--- START ---
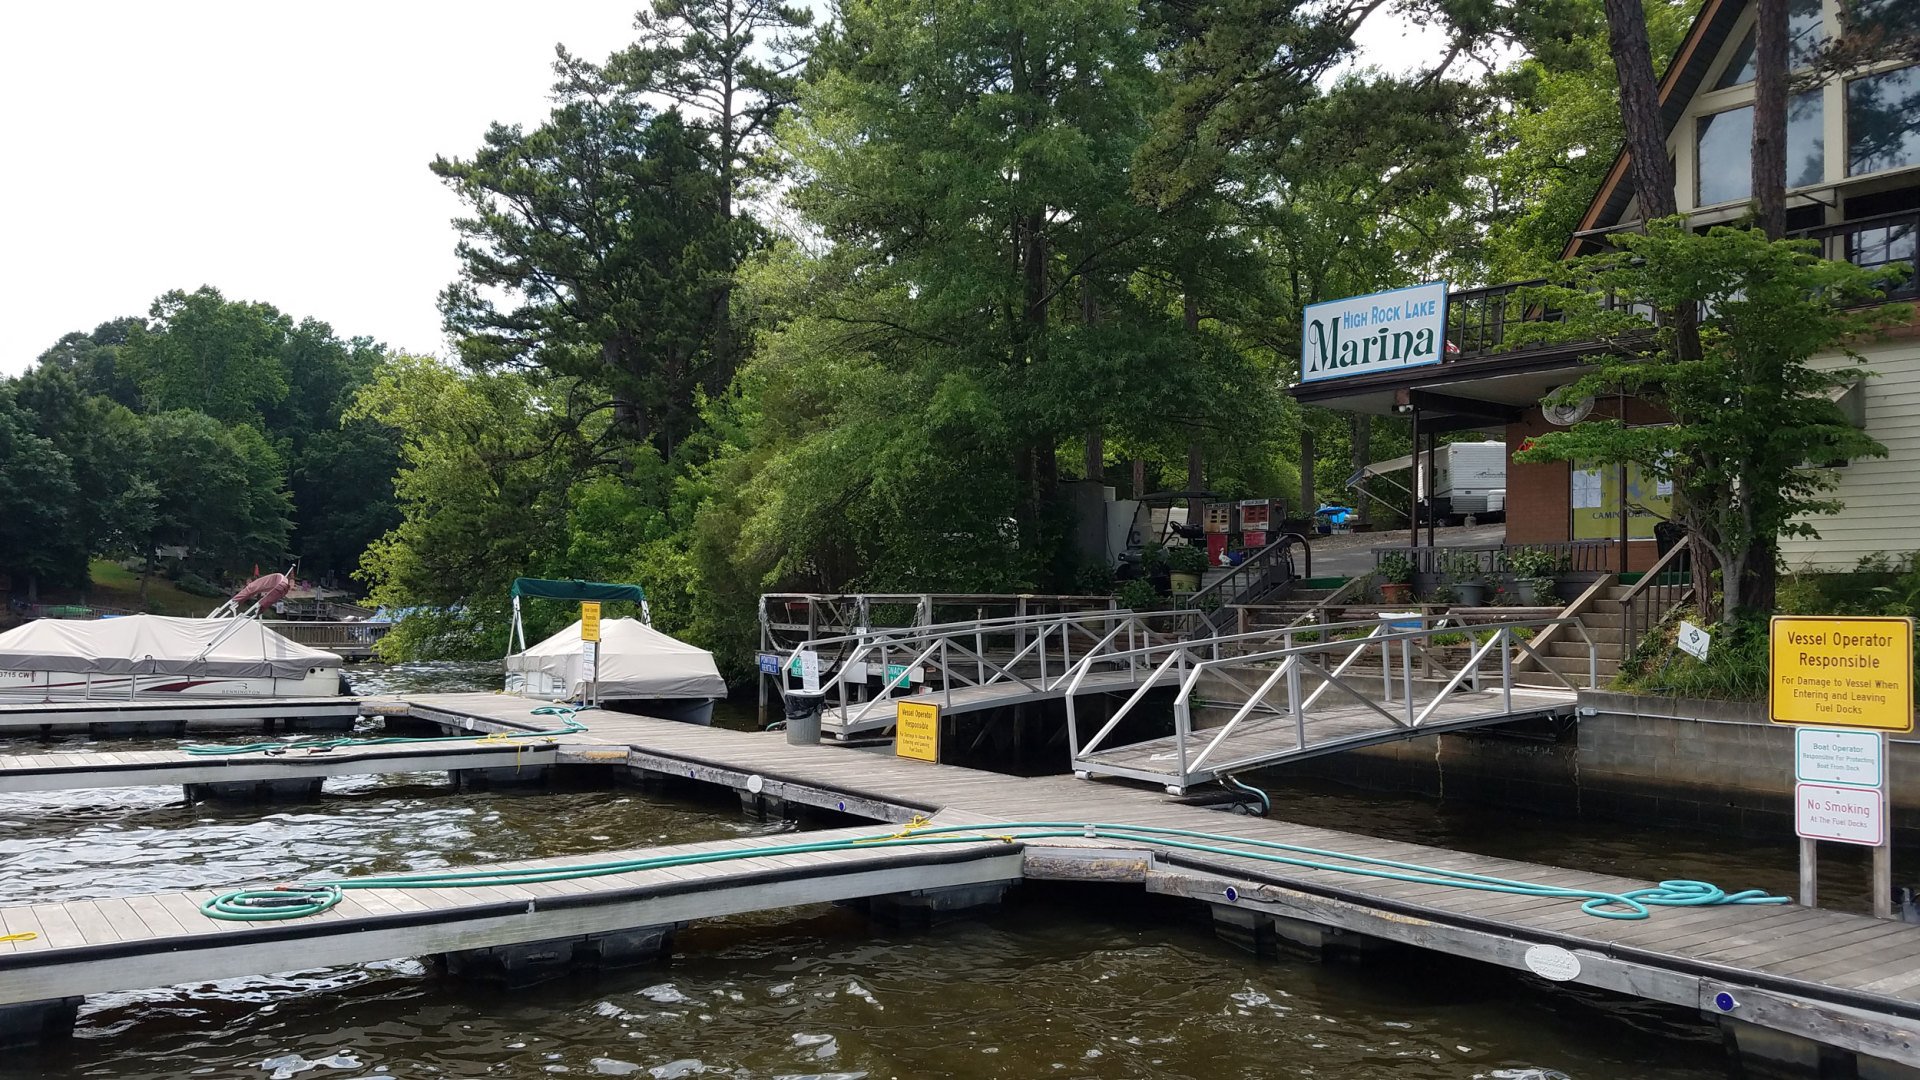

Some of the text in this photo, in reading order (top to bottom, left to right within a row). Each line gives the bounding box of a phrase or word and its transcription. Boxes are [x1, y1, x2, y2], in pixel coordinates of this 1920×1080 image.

[1343, 300, 1436, 329] HIGH ROCK LAKE
[1309, 316, 1435, 373] Marina
[1787, 631, 1893, 648] Vessel Operator
[1799, 652, 1880, 669] Responsible
[1781, 676, 1899, 690] For Damage to Vessel When
[1793, 689, 1886, 704] Entering and Leaving
[1815, 703, 1863, 714] Fuel Docks
[1813, 743, 1864, 753] Boat Operator
[1807, 798, 1870, 818] No Smoking
[1810, 815, 1868, 828] At The Fuel Docks
--- END ---
> [What you have to do] Your reply should repeat the entries above exactly, leaving the pictures out.

> [Exercise solution]
Some of the text in this photo, in reading order (top to bottom, left to right within a row). Each line gives the bounding box of a phrase or word and its transcription. Boxes are [x1, y1, x2, y2], in pixel coordinates of this 1920×1080 image.

[1343, 300, 1436, 329] HIGH ROCK LAKE
[1309, 316, 1435, 373] Marina
[1787, 631, 1893, 648] Vessel Operator
[1799, 652, 1880, 669] Responsible
[1781, 676, 1899, 690] For Damage to Vessel When
[1793, 689, 1886, 704] Entering and Leaving
[1815, 703, 1863, 714] Fuel Docks
[1813, 743, 1864, 753] Boat Operator
[1807, 798, 1870, 818] No Smoking
[1810, 815, 1868, 828] At The Fuel Docks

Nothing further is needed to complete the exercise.